After reporting it was pumping "significant" amounts of oil from a test well in the middle of last month, UKOG and its partners on Tuesday announced that a subsequent test well in the area had pumped almost double the amount previously unearthed - and all without need for much mechanical pumping.
UKOG, which owns just shy of 20% of the Horse Hill-1 field near Gatwick, said previously it had managed to pump the equivalent of around 463 barrels of oil per day for just over seven hours.
But on Tuesday the company and its partners announced that a new test drill in an area of limestone had successfully pumped oil at an average rate of 900 barrels of oil per day. What's more, the oil "started flowing freely to surface, without pumping," at points during the test drill.
Two limestone test drills in the so-called Upper Kimmeridge area of the field have now produced a combined average stable rate of over 1,360 bopd (barrels of oil per day.)
UKOG CEO Stephen Sanderson says in Tuesday's statement (emphasis ours):
This test provides unequivocal proof of concept for the Company's new Kimmeridge limestone oil play. The two Kimmeridge flow tests have not only shown that moveable oil exists within the Kimmeridge, but more importantly, that it can be extracted at commercial rates even from vertical wells without significant stimulation.
This result is therefore very significant for the company and the Weald Basin of the UK. The Kimmeridge play has moved from science project into the zone of commercial reality.

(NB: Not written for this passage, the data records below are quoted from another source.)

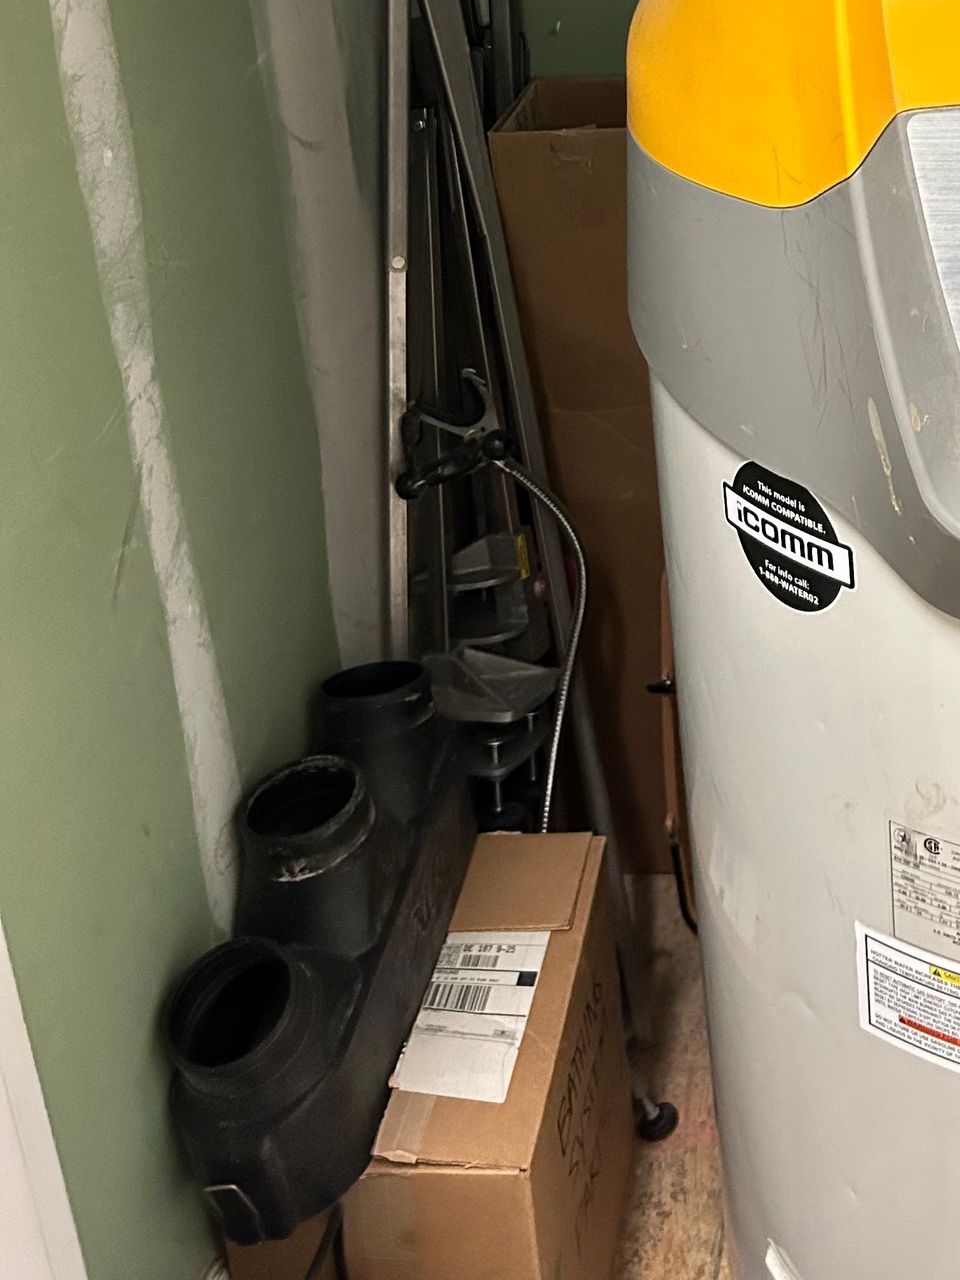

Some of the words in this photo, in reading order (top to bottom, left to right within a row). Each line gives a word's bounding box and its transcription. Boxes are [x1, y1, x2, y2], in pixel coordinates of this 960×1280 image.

[757, 481, 772, 495] This
[774, 491, 796, 508] model
[799, 502, 805, 512] is
[765, 559, 776, 572] For
[778, 566, 793, 580] info
[794, 576, 809, 589] call:
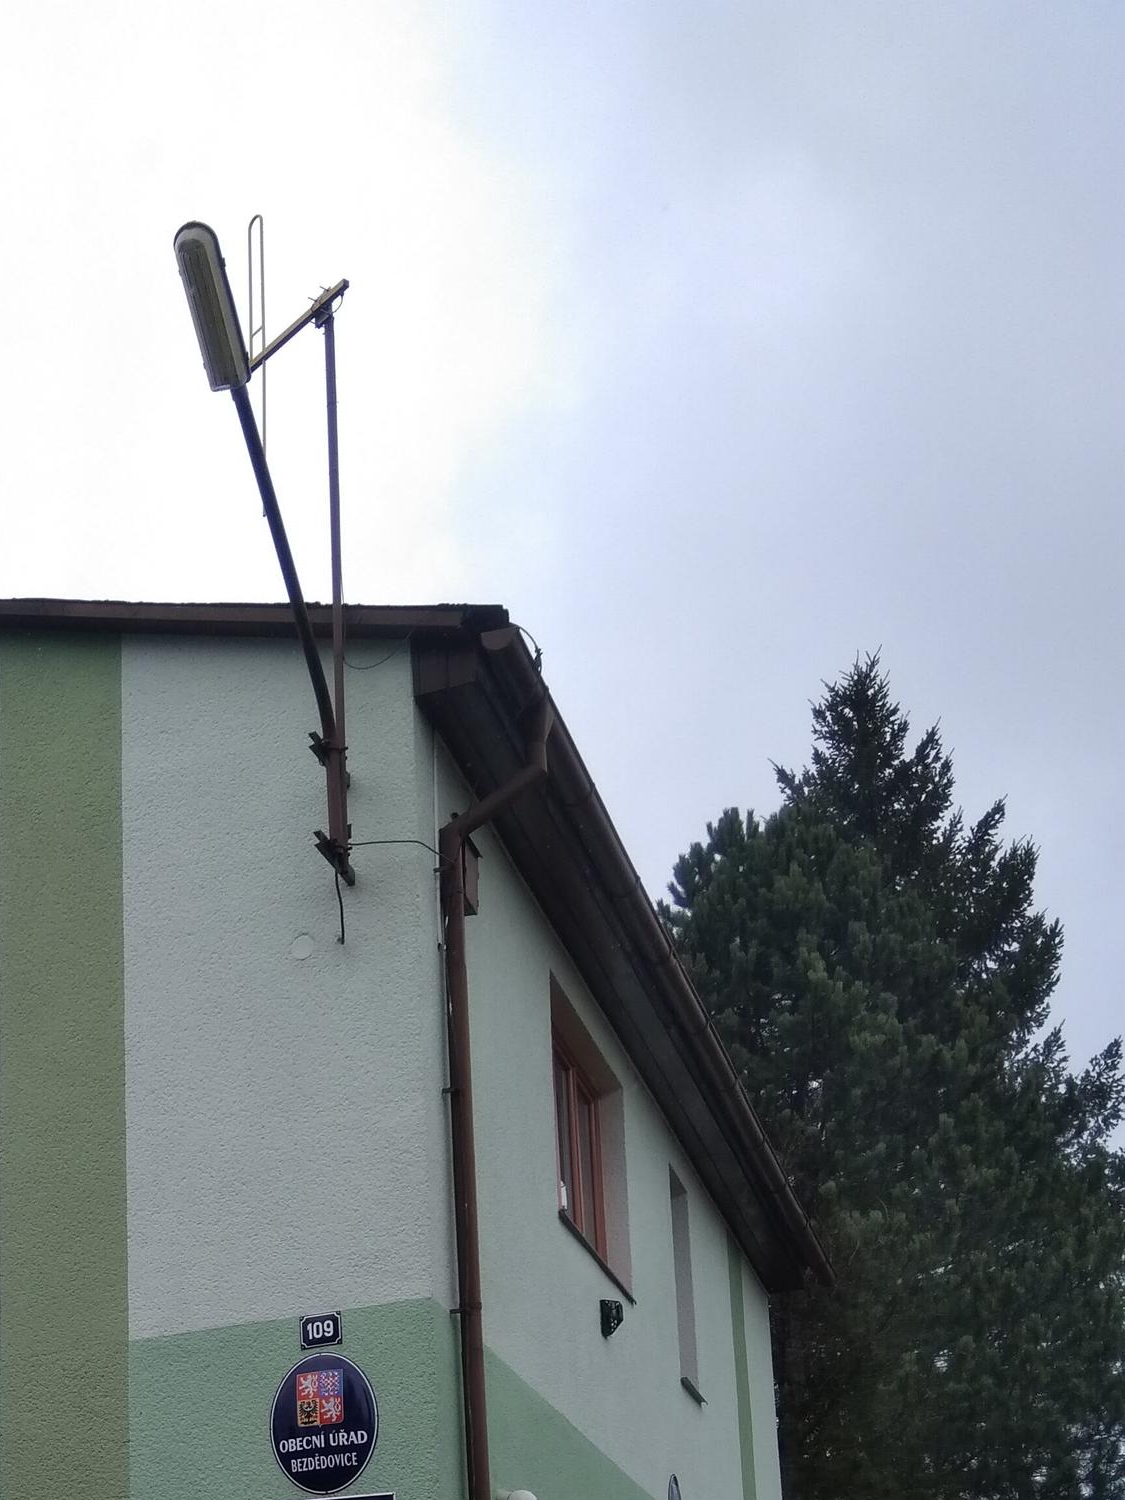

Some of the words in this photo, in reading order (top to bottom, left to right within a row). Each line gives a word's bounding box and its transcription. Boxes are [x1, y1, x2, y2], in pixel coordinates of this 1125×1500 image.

[306, 1320, 334, 1340] 109
[279, 1431, 326, 1453] OBECNÍ
[329, 1429, 368, 1446] ÚŘAD
[291, 1452, 358, 1473] BEZDĚDOVICE

The well's natural aggregate flow rate from the Kimmeridge limestones of 1360 bopd looks to be one of the highest natural flow rates recorded in a UK onshore wildcat well since the Wytch Farm discovery in the 1970s. It should be noted that the planned use of horizontal appraisal and development wells may further significantly enhance production flow rates seen to date.
In April last year, UKOG revealed that it discovered about 100 billion barrels of oil near Gatwick Airport. Independent analysis confirmed two months later that there is a whole glut of oil underneath the ground in the Horse Hill-1 oil field.